------ Data for review

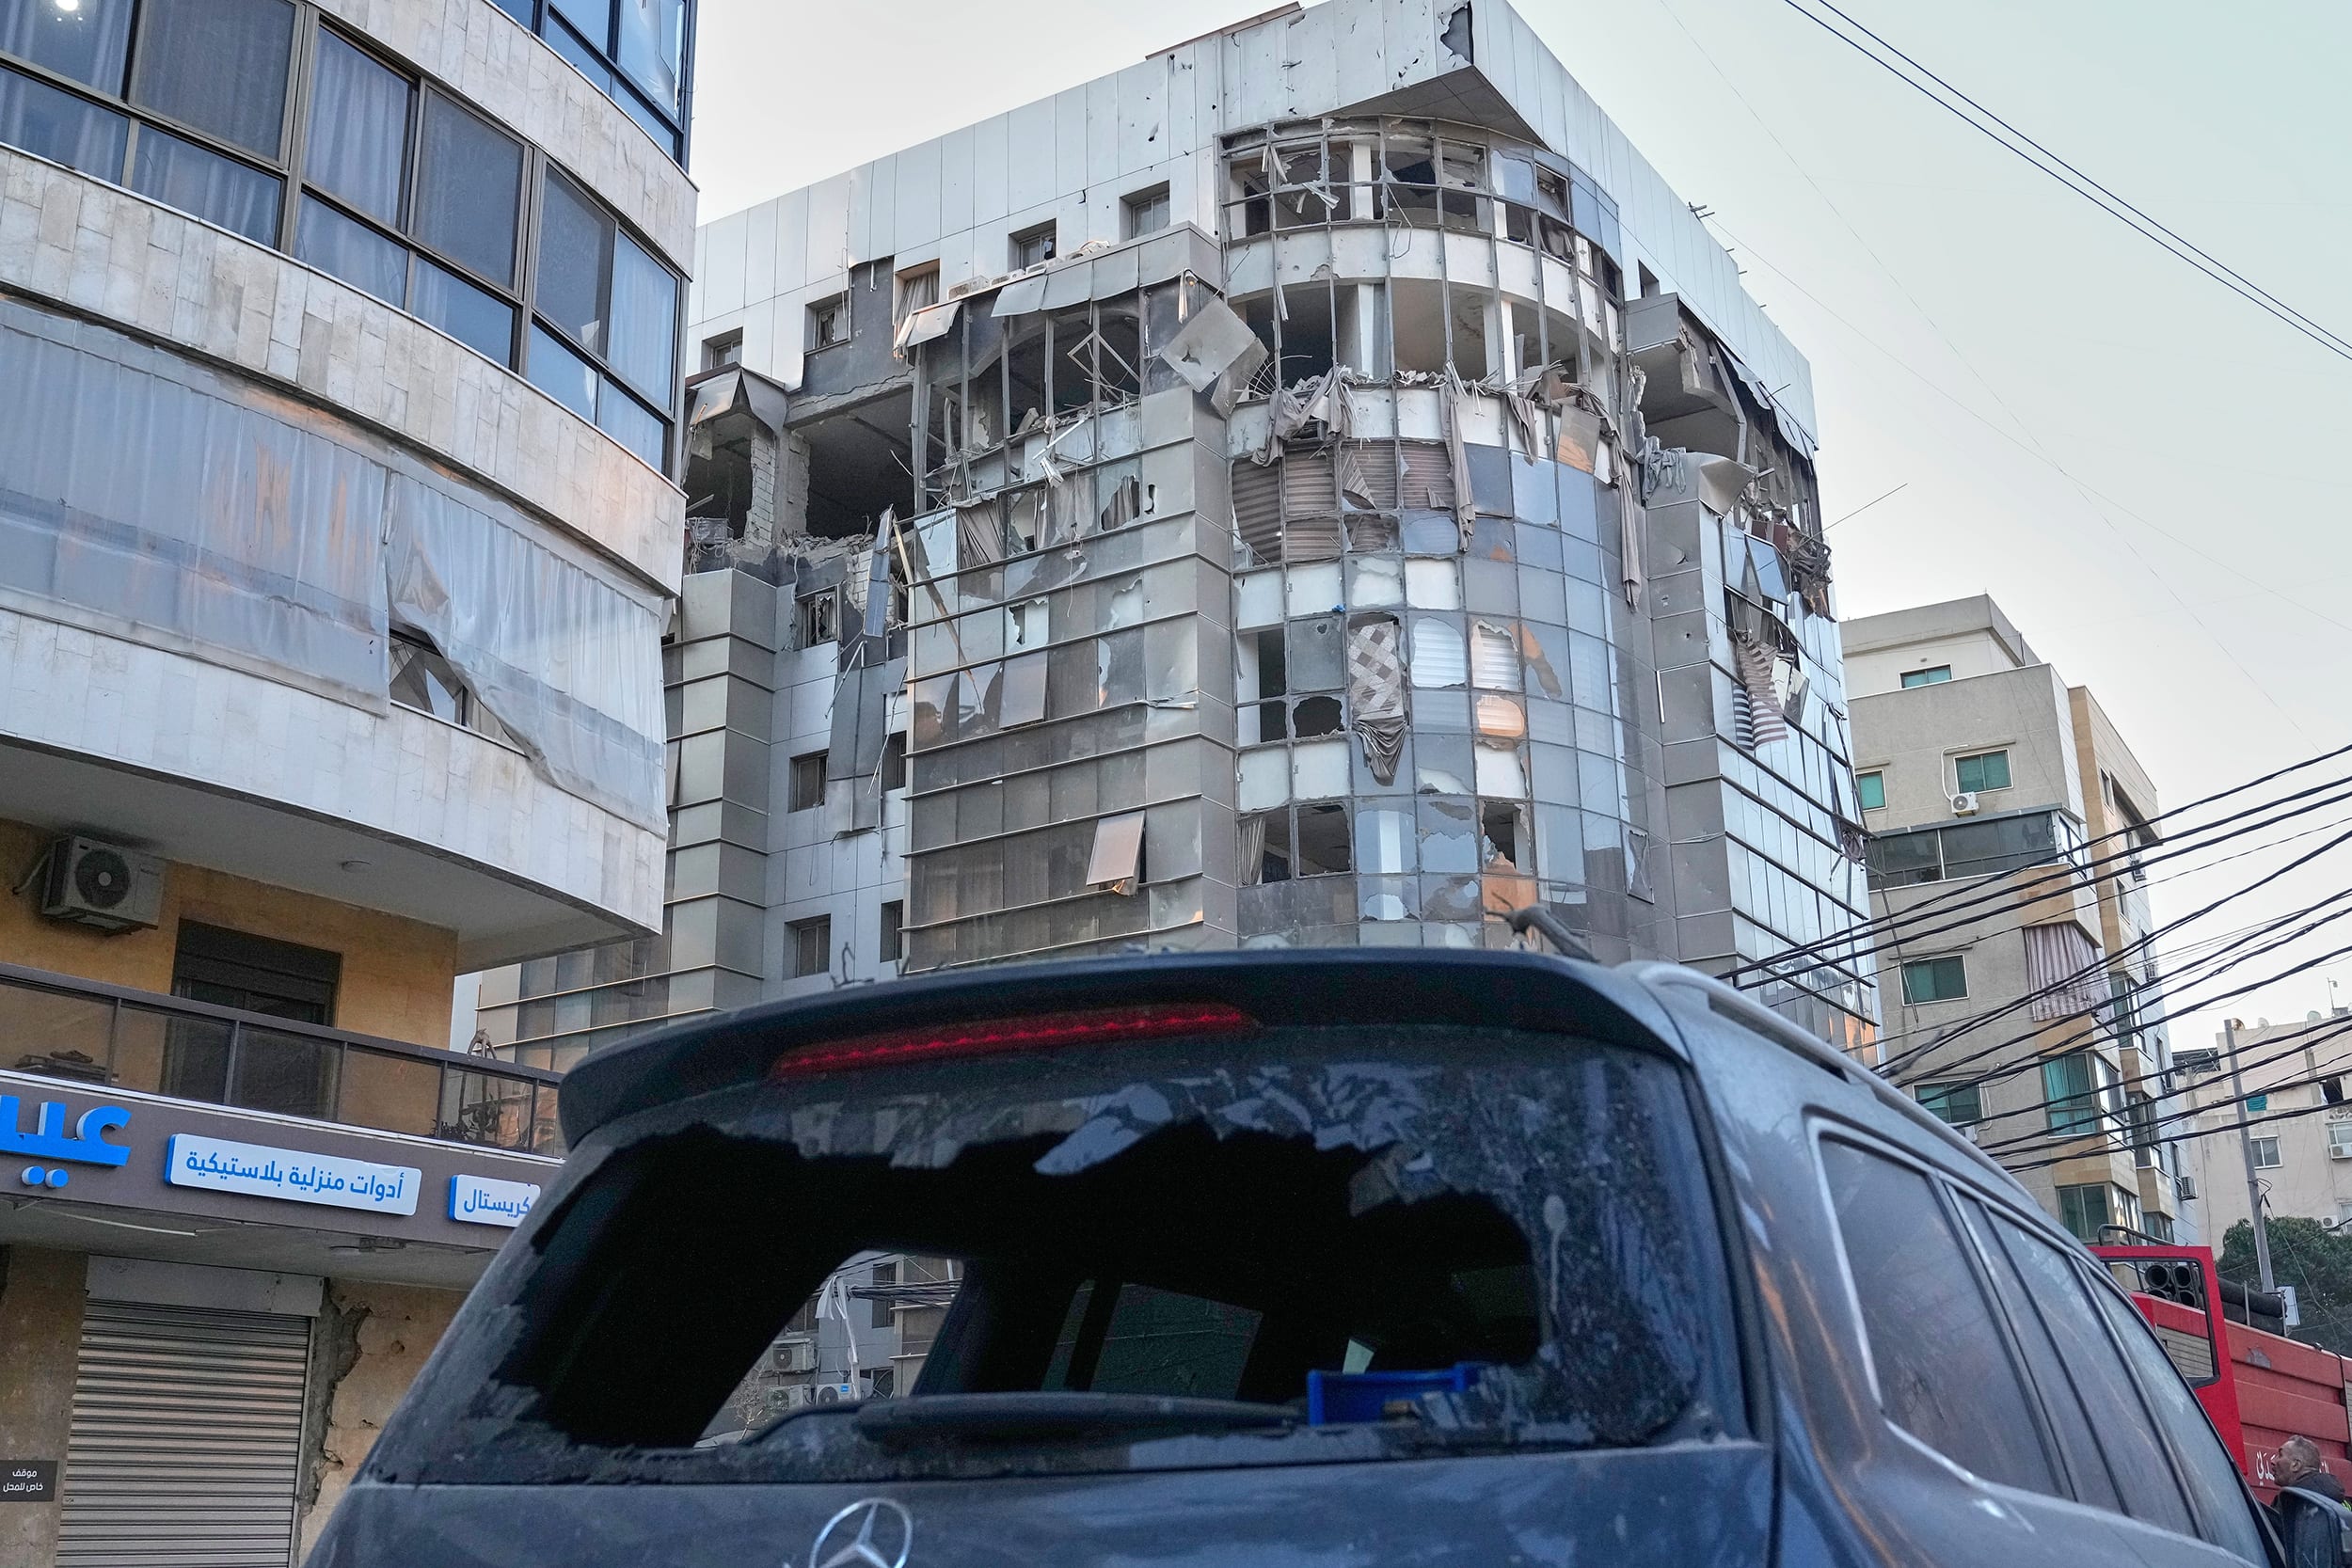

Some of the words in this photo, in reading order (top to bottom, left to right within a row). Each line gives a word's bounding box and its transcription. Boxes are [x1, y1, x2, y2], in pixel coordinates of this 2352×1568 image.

[186, 1150, 283, 1187] بلاستيكية
[288, 1165, 344, 1194] منزلية
[350, 1172, 405, 1202] أدوات
[463, 1188, 531, 1218] كريستال
[3, 1481, 25, 1493] للمحل
[12, 1468, 38, 1479] موقف
[25, 1482, 43, 1493] خاص

------------

**Required action**
Drop the pictures and set down the data above exactly.

**Task result**
Some of the words in this photo, in reading order (top to bottom, left to right within a row). Each line gives a word's bounding box and its transcription. Boxes are [x1, y1, x2, y2], in pixel coordinates of this 2352×1568 image.

[186, 1150, 283, 1187] بلاستيكية
[288, 1165, 344, 1194] منزلية
[350, 1172, 405, 1202] أدوات
[463, 1188, 531, 1218] كريستال
[3, 1481, 25, 1493] للمحل
[12, 1468, 38, 1479] موقف
[25, 1482, 43, 1493] خاص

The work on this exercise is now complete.